Benjamin Marcus Priteca, one of the most talented West Coast designers of movie palaces during the 1910s-1940s, designed this theatre for the Pantages chain in the late 1920s. Priteca developed an early relationship with vaudeville impresario and movie exhibitor Alexander Pantages (1867-1936) by 1907, when he designed a theatre for him in Vancouver, BC.

Building History

Constructed for the Bartlett Syndicate Building Corporation, the Pantages Theatre in Hollywood opened 06/04/1930, seating 2,812, and costing $1,250,000 to build; (the cost did not include theatrical and projection equipment needed by this vaudeville and motion picture theatre); it is now seen as one of the last great movie palaces, and had the second largest stage in Los Angeles at the time, behind only the Shrine Auditorium; on 06/04/1930, it hosted one of the most glamorous and well-attended openings of any movie palace; built just after the advent of sound, the Pantages boasted one of the most sophisticated audio systems in the world;

Howard Hughes and his RKO Pictures company purchased the theatre in 1949 and renamed it the RKO Pantages; Hughes also boosted the number of seats to 2,800; it hosted the Academy Awards ceremonies from 03/23/1950-04/04/1960; the Academy of Motion Pictures Arts and Sciences left the Hollywood Pantages after 1960 when Universal Pictures demanded that seating be reduced by 1,000, in order to show its blockbuster, Spartacus, to best advantage.
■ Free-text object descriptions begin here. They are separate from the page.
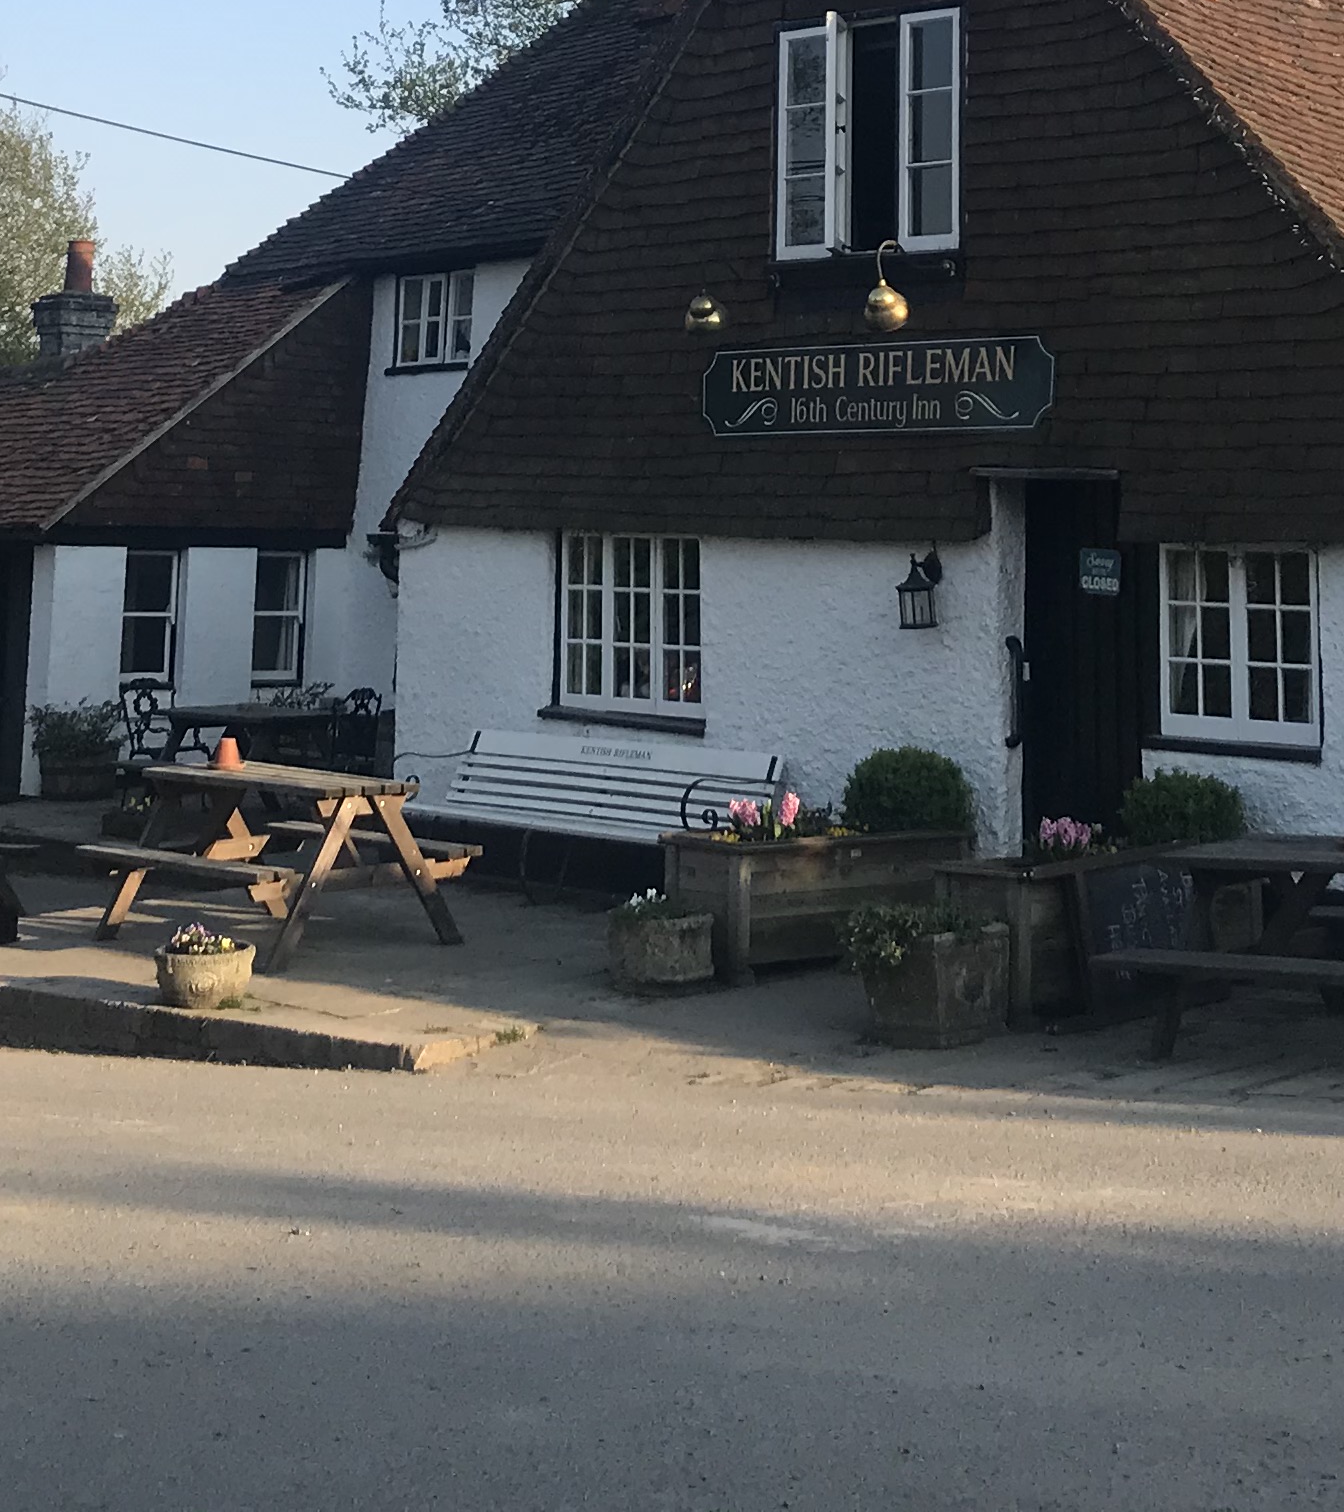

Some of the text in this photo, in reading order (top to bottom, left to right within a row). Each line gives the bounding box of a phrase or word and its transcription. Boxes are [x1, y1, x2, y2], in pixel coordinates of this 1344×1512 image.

[731, 345, 1017, 393] KENTISH RIFLEMAN
[790, 393, 941, 428] 16th Century Inn
[1081, 575, 1119, 591] CLOSED
[581, 745, 653, 760] KENTISH RIFLEMAN
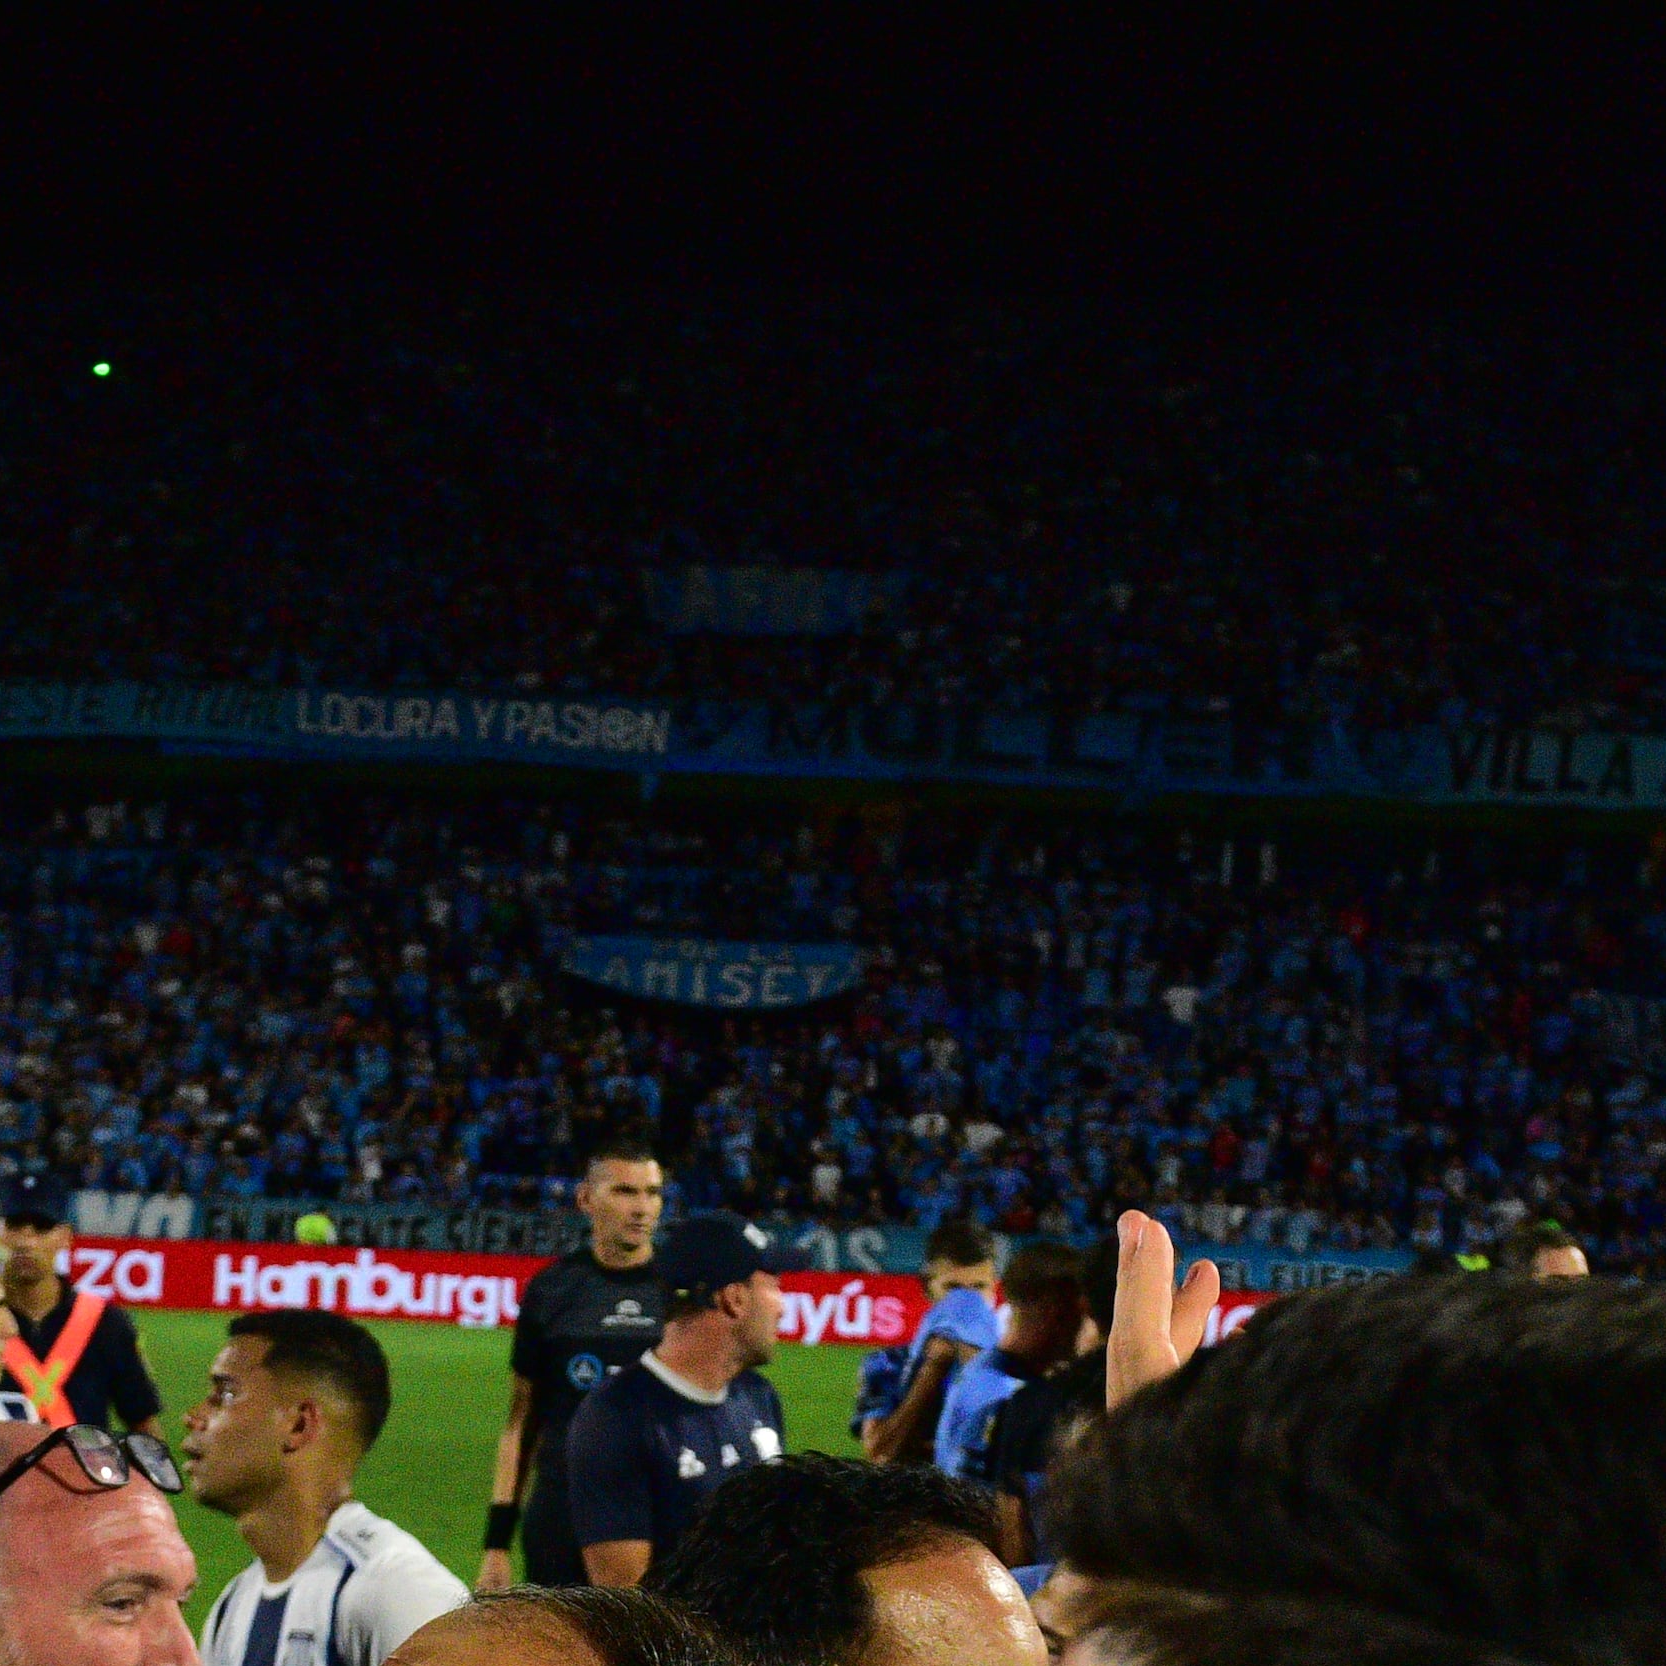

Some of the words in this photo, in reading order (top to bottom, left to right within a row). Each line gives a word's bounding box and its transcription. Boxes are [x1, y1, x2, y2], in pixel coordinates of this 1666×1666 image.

[296, 690, 459, 742] LOCURA
[470, 697, 500, 742] Y
[1445, 726, 1633, 796] VILLA
The Pacific Theatre chain bought the RKO Pantages Hollywood in 12/1967, having leased it since 1965; Pacific operated the theatre as a motion picture venue until 01/1977; Pacific collaborated with the Nederlander Organization (the firm that renovated the New Orpheum in San Francisco in 1981), and only theatrical performances have been staged there since 1977; seating was returned to the original 2700 seats by the Nederlander Organization; original drawings for the Hollywood Pantages exist, including one watercolor study, a longitudinal section of the auditorium, dated 06/29/1929; Anthony Heinsbergen painted the walls of the Art Deco lobby.

Building Notes

The Pantages, one of the most glamorous movie palaces of the 1920s-1930s, was included in the Hollywood Boulevard Commercial and Entertainment District, created for the National Register of Historic Places. This design by the Seattle and Los Angeles-based architect B. Marcus Priteca (1889-1971) was his third in Los Angeles designed for Alexander Pantages.

Alteration

The Nederlander Organization apparently spent $12 million in the late 1990s to restore the Pantages Hollywood, primarily to accommodate the Disney production of The Lion King; part of the expenditure was to shore the theatre up, as it was damaged in the 6.8 magnitude Northridge Earthquake of 01/17/1994.